→ How to complete this task
The records follow. Retype them without a single change.

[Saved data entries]

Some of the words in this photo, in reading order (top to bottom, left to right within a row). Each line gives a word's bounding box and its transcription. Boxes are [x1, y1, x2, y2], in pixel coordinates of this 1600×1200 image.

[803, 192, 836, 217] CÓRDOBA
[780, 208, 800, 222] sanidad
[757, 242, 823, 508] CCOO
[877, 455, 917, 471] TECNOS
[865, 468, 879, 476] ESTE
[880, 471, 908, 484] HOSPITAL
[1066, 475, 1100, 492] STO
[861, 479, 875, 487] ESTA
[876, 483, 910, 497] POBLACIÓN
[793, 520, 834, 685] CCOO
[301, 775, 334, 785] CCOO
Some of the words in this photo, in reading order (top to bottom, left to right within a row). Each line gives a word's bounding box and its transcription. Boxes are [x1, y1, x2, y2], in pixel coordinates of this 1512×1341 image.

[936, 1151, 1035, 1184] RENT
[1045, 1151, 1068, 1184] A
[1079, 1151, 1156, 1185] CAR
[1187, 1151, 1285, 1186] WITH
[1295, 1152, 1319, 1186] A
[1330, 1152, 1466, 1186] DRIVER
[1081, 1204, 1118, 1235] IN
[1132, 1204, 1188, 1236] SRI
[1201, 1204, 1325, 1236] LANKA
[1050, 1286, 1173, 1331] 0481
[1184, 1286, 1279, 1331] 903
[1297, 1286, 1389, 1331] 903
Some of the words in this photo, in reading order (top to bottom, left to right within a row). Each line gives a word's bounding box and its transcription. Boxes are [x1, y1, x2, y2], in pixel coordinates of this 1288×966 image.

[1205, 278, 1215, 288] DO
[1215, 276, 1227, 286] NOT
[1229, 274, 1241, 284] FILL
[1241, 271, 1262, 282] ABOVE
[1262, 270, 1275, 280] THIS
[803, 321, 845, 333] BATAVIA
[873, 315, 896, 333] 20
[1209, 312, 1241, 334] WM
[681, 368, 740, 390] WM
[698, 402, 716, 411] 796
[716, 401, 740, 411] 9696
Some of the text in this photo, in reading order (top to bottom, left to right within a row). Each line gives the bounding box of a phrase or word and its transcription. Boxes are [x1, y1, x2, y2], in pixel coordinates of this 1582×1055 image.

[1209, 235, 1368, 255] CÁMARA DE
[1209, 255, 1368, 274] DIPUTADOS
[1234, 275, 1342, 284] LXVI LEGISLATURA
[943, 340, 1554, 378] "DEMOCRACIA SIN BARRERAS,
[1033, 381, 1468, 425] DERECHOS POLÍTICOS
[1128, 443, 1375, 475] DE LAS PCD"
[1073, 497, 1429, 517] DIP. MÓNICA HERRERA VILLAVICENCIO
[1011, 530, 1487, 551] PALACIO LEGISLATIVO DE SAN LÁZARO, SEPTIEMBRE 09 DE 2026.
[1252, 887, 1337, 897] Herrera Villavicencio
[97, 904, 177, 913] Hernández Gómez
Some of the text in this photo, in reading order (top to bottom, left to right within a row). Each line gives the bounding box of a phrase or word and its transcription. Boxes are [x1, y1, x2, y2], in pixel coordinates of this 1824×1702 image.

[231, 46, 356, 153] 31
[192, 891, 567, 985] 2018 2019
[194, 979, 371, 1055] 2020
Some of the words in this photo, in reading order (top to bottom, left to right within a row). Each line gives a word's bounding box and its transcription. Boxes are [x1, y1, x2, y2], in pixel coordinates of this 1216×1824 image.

→ Result of this task
Some of the words in this photo, in reading order (top to bottom, left to right within a row). Each line gives a word's bounding box and its transcription. Boxes are [x1, y1, x2, y2], in pixel coordinates of this 1600×1200 image.

[803, 192, 836, 217] CÓRDOBA
[780, 208, 800, 222] sanidad
[757, 242, 823, 508] CCOO
[877, 455, 917, 471] TECNOS
[865, 468, 879, 476] ESTE
[880, 471, 908, 484] HOSPITAL
[1066, 475, 1100, 492] STO
[861, 479, 875, 487] ESTA
[876, 483, 910, 497] POBLACIÓN
[793, 520, 834, 685] CCOO
[301, 775, 334, 785] CCOO
Some of the words in this photo, in reading order (top to bottom, left to right within a row). Each line gives a word's bounding box and its transcription. Boxes are [x1, y1, x2, y2], in pixel coordinates of this 1512×1341 image.

[936, 1151, 1035, 1184] RENT
[1045, 1151, 1068, 1184] A
[1079, 1151, 1156, 1185] CAR
[1187, 1151, 1285, 1186] WITH
[1295, 1152, 1319, 1186] A
[1330, 1152, 1466, 1186] DRIVER
[1081, 1204, 1118, 1235] IN
[1132, 1204, 1188, 1236] SRI
[1201, 1204, 1325, 1236] LANKA
[1050, 1286, 1173, 1331] 0481
[1184, 1286, 1279, 1331] 903
[1297, 1286, 1389, 1331] 903
Some of the words in this photo, in reading order (top to bottom, left to right within a row). Each line gives a word's bounding box and its transcription. Boxes are [x1, y1, x2, y2], in pixel coordinates of this 1288×966 image.

[1205, 278, 1215, 288] DO
[1215, 276, 1227, 286] NOT
[1229, 274, 1241, 284] FILL
[1241, 271, 1262, 282] ABOVE
[1262, 270, 1275, 280] THIS
[803, 321, 845, 333] BATAVIA
[873, 315, 896, 333] 20
[1209, 312, 1241, 334] WM
[681, 368, 740, 390] WM
[698, 402, 716, 411] 796
[716, 401, 740, 411] 9696
Some of the text in this photo, in reading order (top to bottom, left to right within a row). Each line gives the bounding box of a phrase or word and its transcription. Boxes are [x1, y1, x2, y2], in pixel coordinates of this 1582×1055 image.

[1209, 235, 1368, 255] CÁMARA DE
[1209, 255, 1368, 274] DIPUTADOS
[1234, 275, 1342, 284] LXVI LEGISLATURA
[943, 340, 1554, 378] "DEMOCRACIA SIN BARRERAS,
[1033, 381, 1468, 425] DERECHOS POLÍTICOS
[1128, 443, 1375, 475] DE LAS PCD"
[1073, 497, 1429, 517] DIP. MÓNICA HERRERA VILLAVICENCIO
[1011, 530, 1487, 551] PALACIO LEGISLATIVO DE SAN LÁZARO, SEPTIEMBRE 09 DE 2026.
[1252, 887, 1337, 897] Herrera Villavicencio
[97, 904, 177, 913] Hernández Gómez
Some of the text in this photo, in reading order (top to bottom, left to right within a row). Each line gives the bounding box of a phrase or word and its transcription. Boxes are [x1, y1, x2, y2], in pixel coordinates of this 1824×1702 image.

[231, 46, 356, 153] 31
[192, 891, 567, 985] 2018 2019
[194, 979, 371, 1055] 2020
Some of the words in this photo, in reading order (top to bottom, left to right within a row). Each line gives a word's bounding box and its transcription. Boxes are [x1, y1, x2, y2], in pixel coordinates of this 1216×1824 image.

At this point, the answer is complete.